This seems like exactly the sort of question that sensible people in certain situations would want an answer to, but this is not a case of 'the rules have a mistake'; nor a case of 'the rules do not exist'; it is a case of 'the rules were deliberately written as an incomplete and self-contradictory patchwork -- which were then ignored in all canon material'. It is the uncharted wilds, and you are on your own. Good luck.
 
Unfortunately, this is something individual referees are forced to kludge together for themselves. There is no consistent (or even reasonable) 'scaling' between Starship-scale and Vehicles-scale. This will NOT be addressed, much less fixed, in the upcoming Vehicle Handbook Update. How much Starship-scale 'Power' is required to fire a Vehicle-scale plasma cannon? There is no answer. How long will the life support in your disabled APC last if you hook up the power cells from your Battle Dress to run it? There is no answer. 'Slots' vs 'Spaces' vs 'dTons' is a mess, and will not be fixed. Armor and damage scaling is weird, and will not be fixed.

This seems like exactly the sort of question that sensible people in certain situations would want an answer to, but this is not a case of 'the rules have a mistake'; nor a case of 'the rules do not exist'; it is a case of 'the rules were deliberately written as an incomplete and self-contradictory patchwork -- which were then ignored in all canon material'. It is the uncharted wilds, and you are on your own. Good luck.
I never liked rolemaster all that much so I don't want the 4,000 page rulebook that would simulate the universe in this level of detail. I'm honestly quite relaxed about making off-the-cuff rulings on these one-offs, and the players never seem to get worked-up about it.

Edit: I'm quite keen to get a glance at your advanced copy of the Vehicle Handbook, though...
 
I never liked rolemaster all that much so I don't want the 4,000 page rulebook that would simulate the universe in this level of detail.

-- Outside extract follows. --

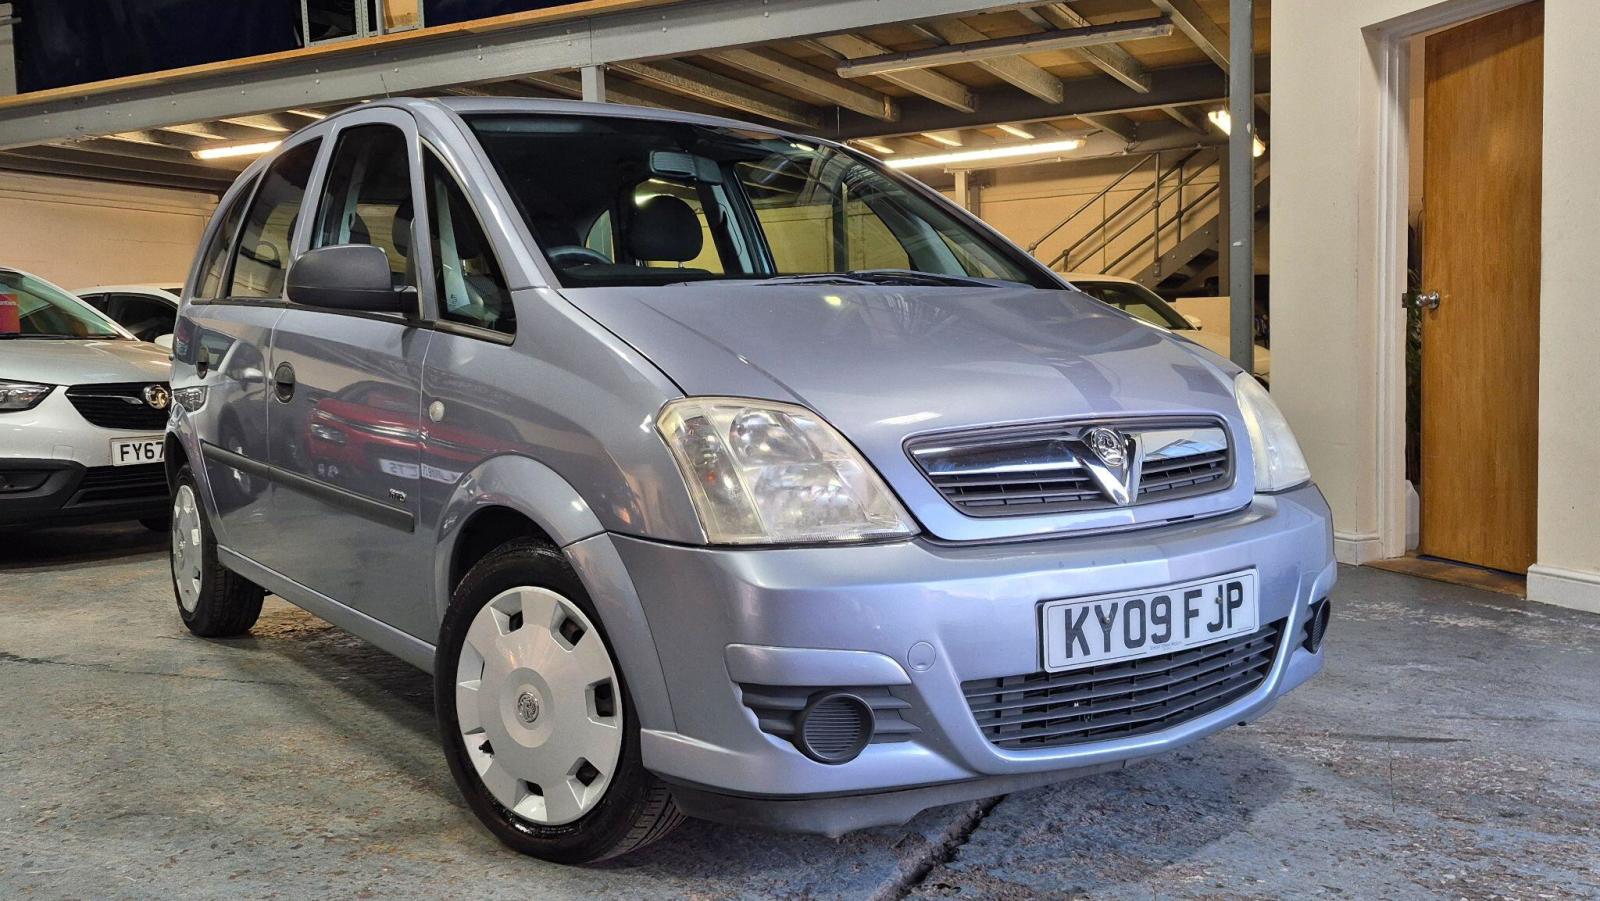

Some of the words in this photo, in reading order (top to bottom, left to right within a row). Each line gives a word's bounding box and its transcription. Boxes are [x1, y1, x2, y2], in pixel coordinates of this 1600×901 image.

[120, 441, 164, 462] FY67
[1064, 595, 1172, 659] KY09
[1183, 580, 1244, 639] FJP

I'm honestly quite relaxed about making off-the-cuff rulings on these one-offs, and the players never seem to get worked-up about it.

Edit: I'm quite keen to get a glance at your advanced copy of the Vehicle Handbook, though...
Construction rules are not intended to be for the 'I just make stuff up' crowd; they do not need them and do not use them. But having construction rules that are consistent (and that the authors follow) makes sure that the basic universe that everyone is playing in is the same starting point. It also allows reasonable answers to stuff like I posited above, and for those answers to be consistent as well.

"Hey, we have to abandon our Advanced Base, and our Grav Carrier doesn't have enough energy -- how long will suit power hold out? How much longer if we drain the dregs of the G-carrier battery into our suits? There is still energy left in the G-Carrier battery even after our suits are fully charged; how much? Can we carry the Plasma Cannon magazine with us and recharge from that? How much longer does that give us? What if we also empty our Laser Pistol magazines?"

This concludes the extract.